▸ What to produce
Ignoring the pictures, repeat every entry below exactly as it appears.

________

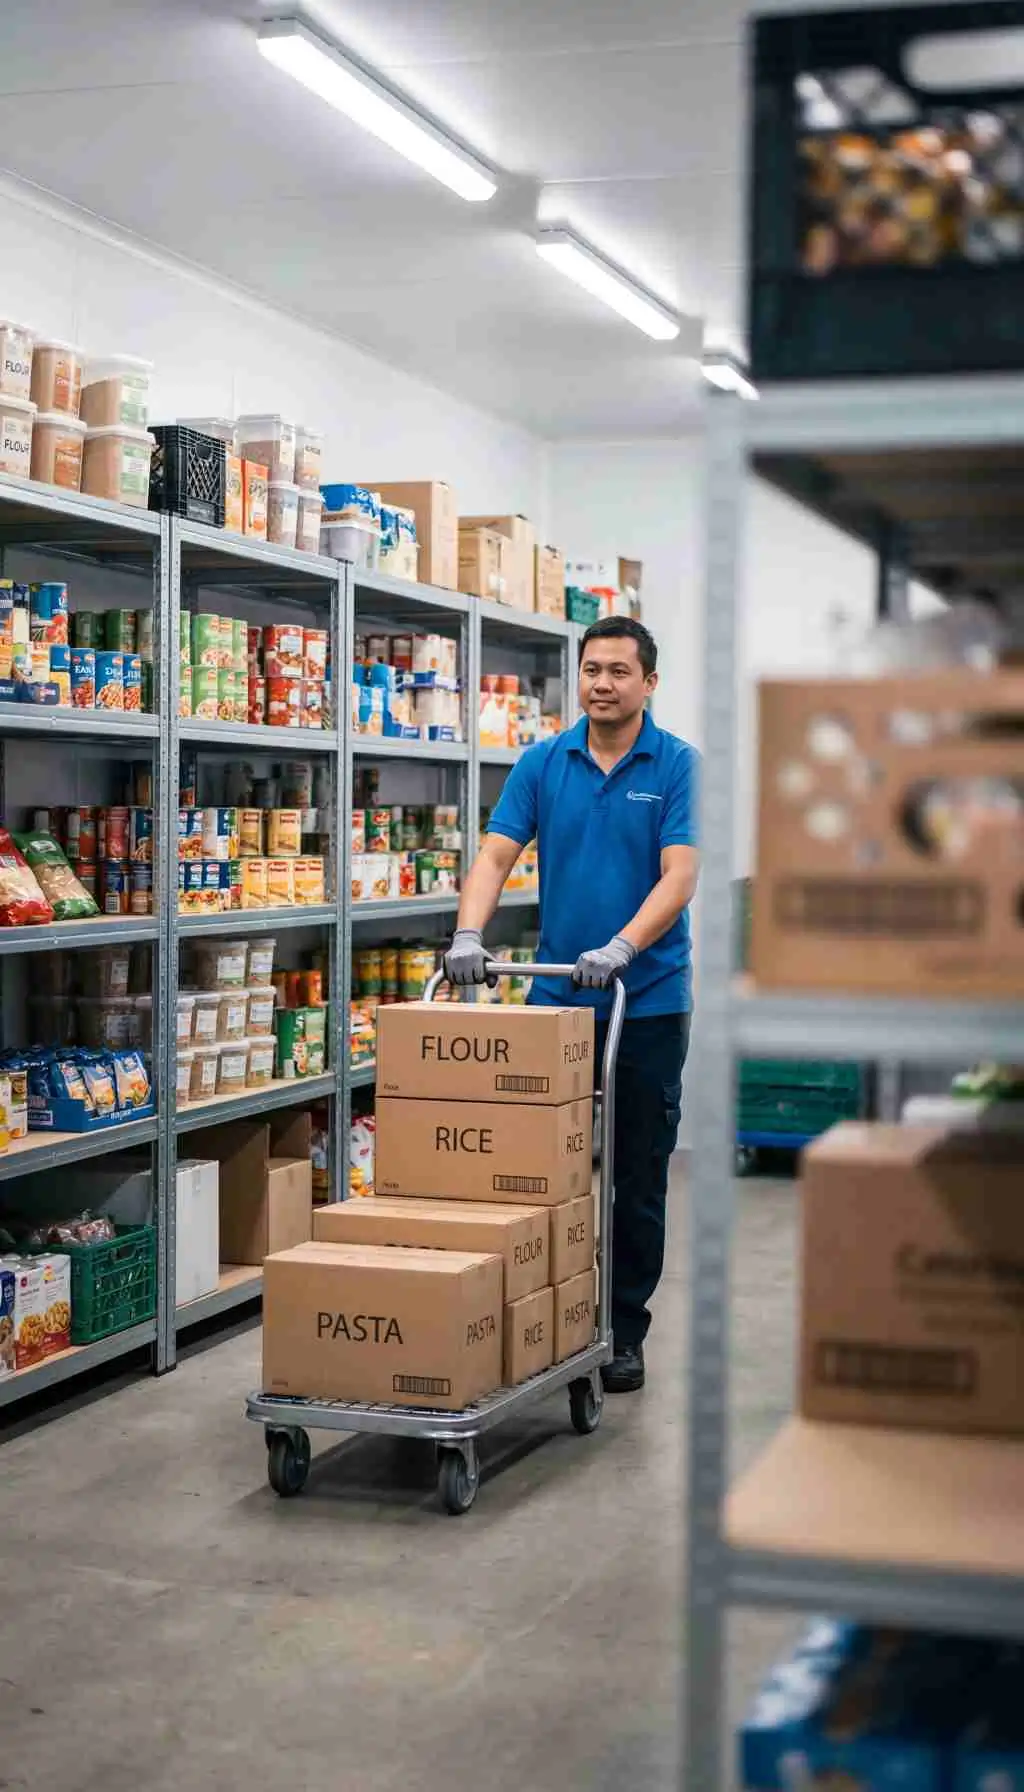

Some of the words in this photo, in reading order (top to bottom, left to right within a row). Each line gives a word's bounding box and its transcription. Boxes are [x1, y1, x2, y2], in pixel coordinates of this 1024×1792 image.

[421, 1035, 511, 1063] FLOUR
[564, 1040, 589, 1065] FLOUR
[435, 1126, 494, 1154] RICE
[566, 1132, 584, 1154] RICE
[567, 1221, 585, 1249] RICE
[514, 1237, 544, 1265] FLOUR
[564, 1299, 590, 1326] PASTA
[317, 1312, 403, 1345] PASTA
[467, 1315, 496, 1346] PASTA
[524, 1320, 544, 1349] RICE
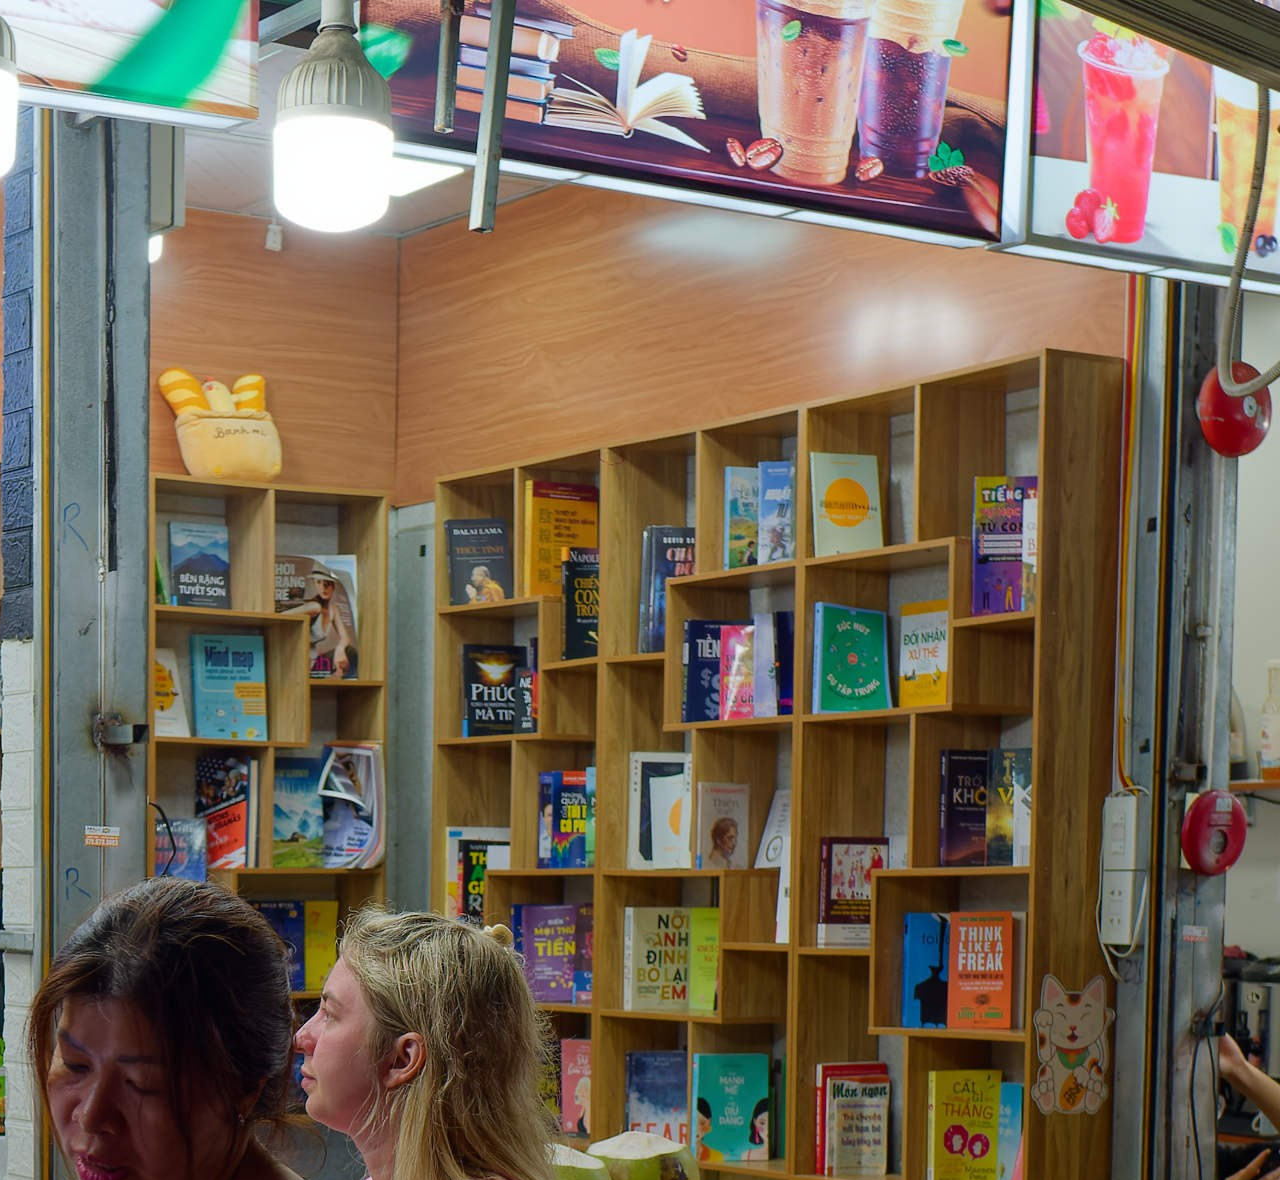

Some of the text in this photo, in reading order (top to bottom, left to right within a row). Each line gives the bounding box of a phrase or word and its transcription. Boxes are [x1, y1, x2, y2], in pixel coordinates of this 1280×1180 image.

[958, 926, 1003, 942] THINK
[958, 942, 1003, 953] LIKE A
[957, 953, 1004, 972] FREAK
[661, 984, 686, 1000] EM
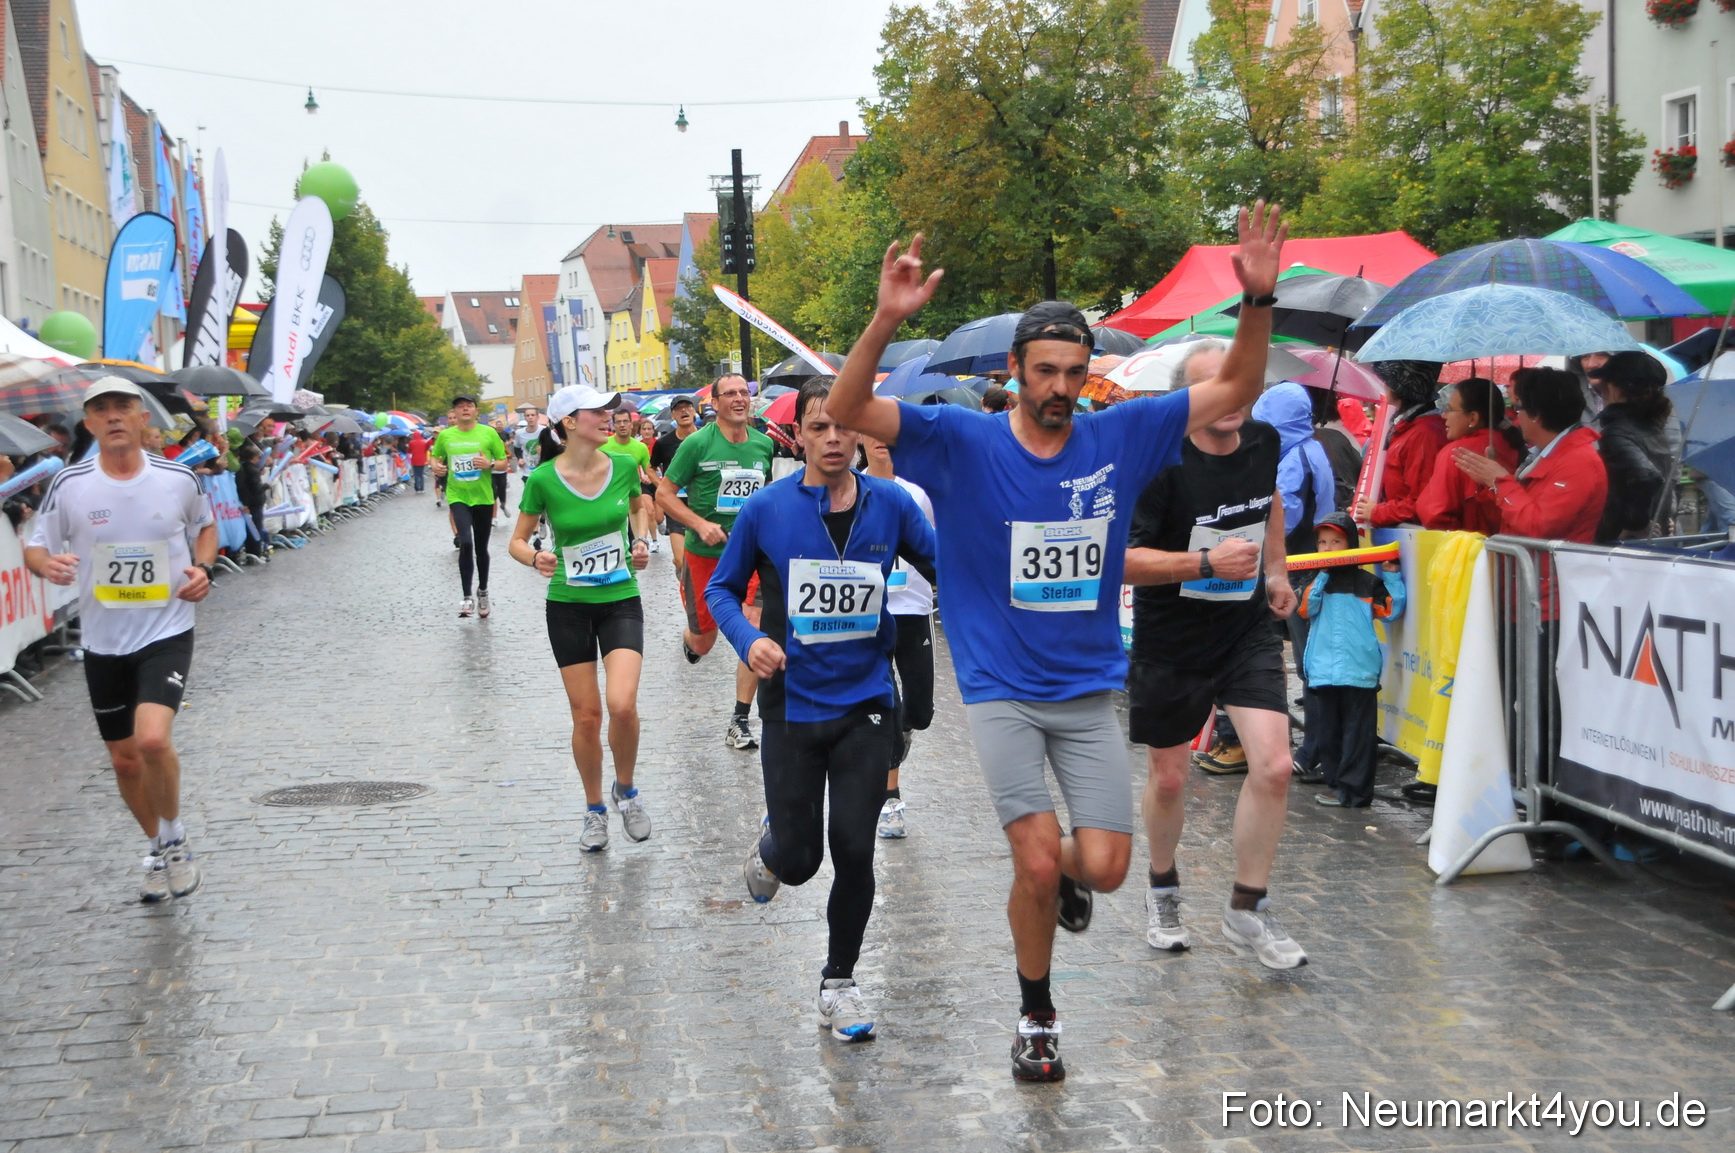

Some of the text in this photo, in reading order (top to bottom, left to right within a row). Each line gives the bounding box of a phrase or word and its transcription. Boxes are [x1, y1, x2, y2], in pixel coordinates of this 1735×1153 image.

[126, 248, 163, 272] maxi
[314, 311, 330, 334] SWEDEN
[282, 287, 306, 379] Audi BKK
[723, 480, 760, 497] 2336
[1044, 526, 1083, 538] BOCK
[580, 540, 605, 553] BOCK
[572, 548, 621, 576] 2277
[819, 566, 856, 575] BOCK
[1022, 543, 1101, 580] 3319
[108, 560, 155, 584] 278
[119, 590, 147, 600] Heinz
[1042, 586, 1082, 600] Stefan
[1205, 581, 1244, 592] Johann
[799, 583, 876, 614] 2987
[812, 620, 856, 632] Bastian
[1581, 726, 1657, 761] INTERNETLÖSUNGEN
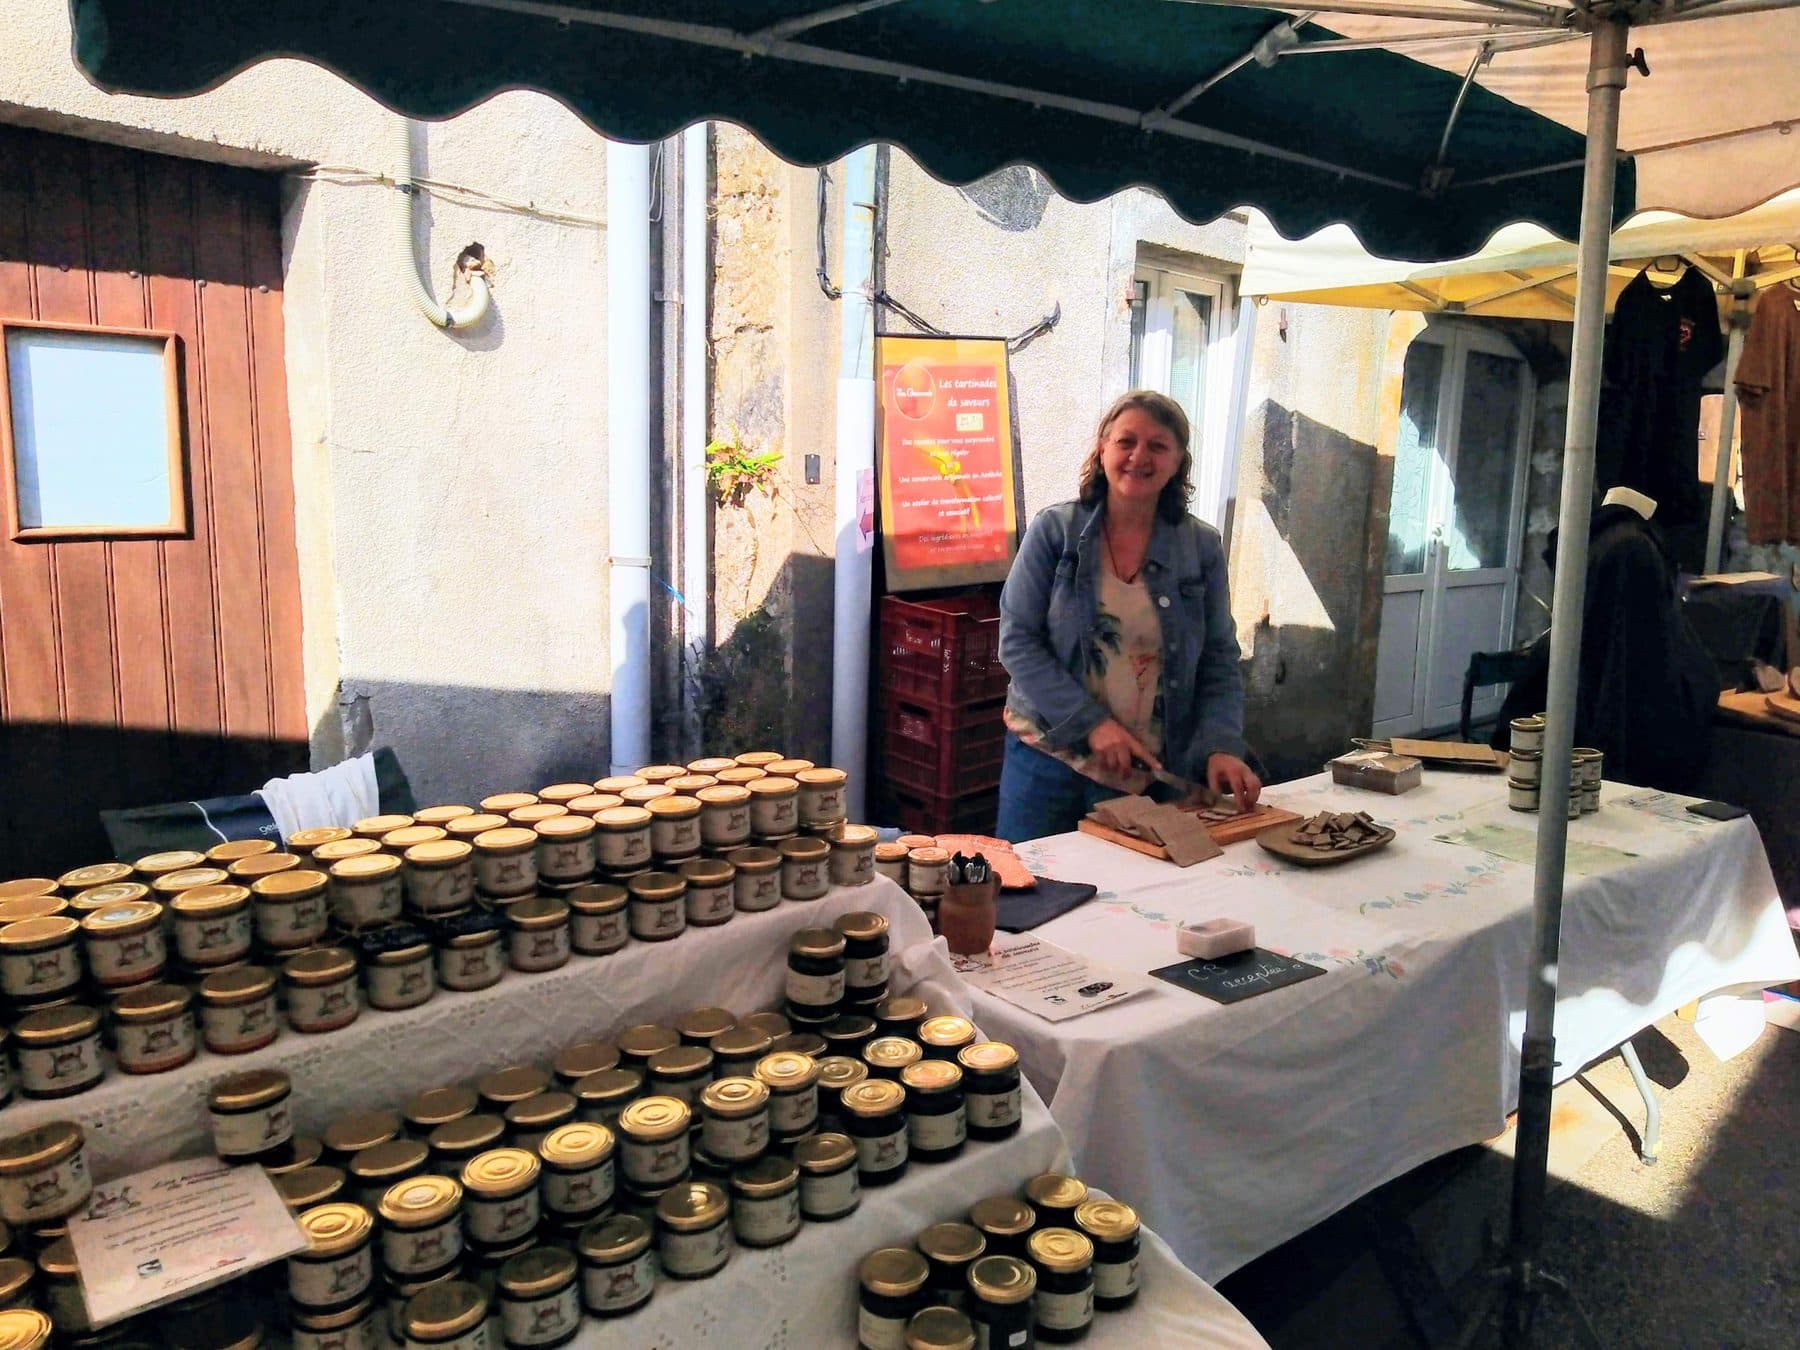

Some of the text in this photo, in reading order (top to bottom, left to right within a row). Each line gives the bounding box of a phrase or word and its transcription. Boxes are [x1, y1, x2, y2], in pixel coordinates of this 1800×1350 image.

________

▸ Output for this task
Some of the words in this photo, in reading order (top to bottom, left to right within a row). Each line gives a word's bounding box and its transcription. Boxes are [x1, y1, x2, y2], in pixel coordinates of this 1024×1792 image.

[421, 1035, 511, 1063] FLOUR
[564, 1040, 589, 1065] FLOUR
[435, 1126, 494, 1154] RICE
[566, 1132, 584, 1154] RICE
[567, 1221, 585, 1249] RICE
[514, 1237, 544, 1265] FLOUR
[564, 1299, 590, 1326] PASTA
[317, 1312, 403, 1345] PASTA
[467, 1315, 496, 1346] PASTA
[524, 1320, 544, 1349] RICE

Some of the text in this photo, in reading order (top to bottom, left to right within a row). Each line gives the bounding box of a phrase or word and its transcription. Boxes are [x1, y1, x2, y2], in pixel coordinates of this 1280×1180 image.

[958, 926, 1003, 942] THINK
[958, 942, 1003, 953] LIKE A
[957, 953, 1004, 972] FREAK
[661, 984, 686, 1000] EM

Some of the text in this photo, in reading order (top to bottom, left to right within a row). Each line gives the bounding box of a phrase or word and its transcription. Boxes are [x1, y1, x2, y2], in pixel coordinates of this 1735×1153 image.

[126, 248, 163, 272] maxi
[314, 311, 330, 334] SWEDEN
[282, 287, 306, 379] Audi BKK
[723, 480, 760, 497] 2336
[1044, 526, 1083, 538] BOCK
[580, 540, 605, 553] BOCK
[572, 548, 621, 576] 2277
[819, 566, 856, 575] BOCK
[1022, 543, 1101, 580] 3319
[108, 560, 155, 584] 278
[119, 590, 147, 600] Heinz
[1042, 586, 1082, 600] Stefan
[1205, 581, 1244, 592] Johann
[799, 583, 876, 614] 2987
[812, 620, 856, 632] Bastian
[1581, 726, 1657, 761] INTERNETLÖSUNGEN

Some of the text in this photo, in reading order (top to bottom, left to right within a row). Each line gives the bounding box of a phrase or word and its transcription. Boxes are [x1, y1, x2, y2], in pixel coordinates of this 1800×1350 image.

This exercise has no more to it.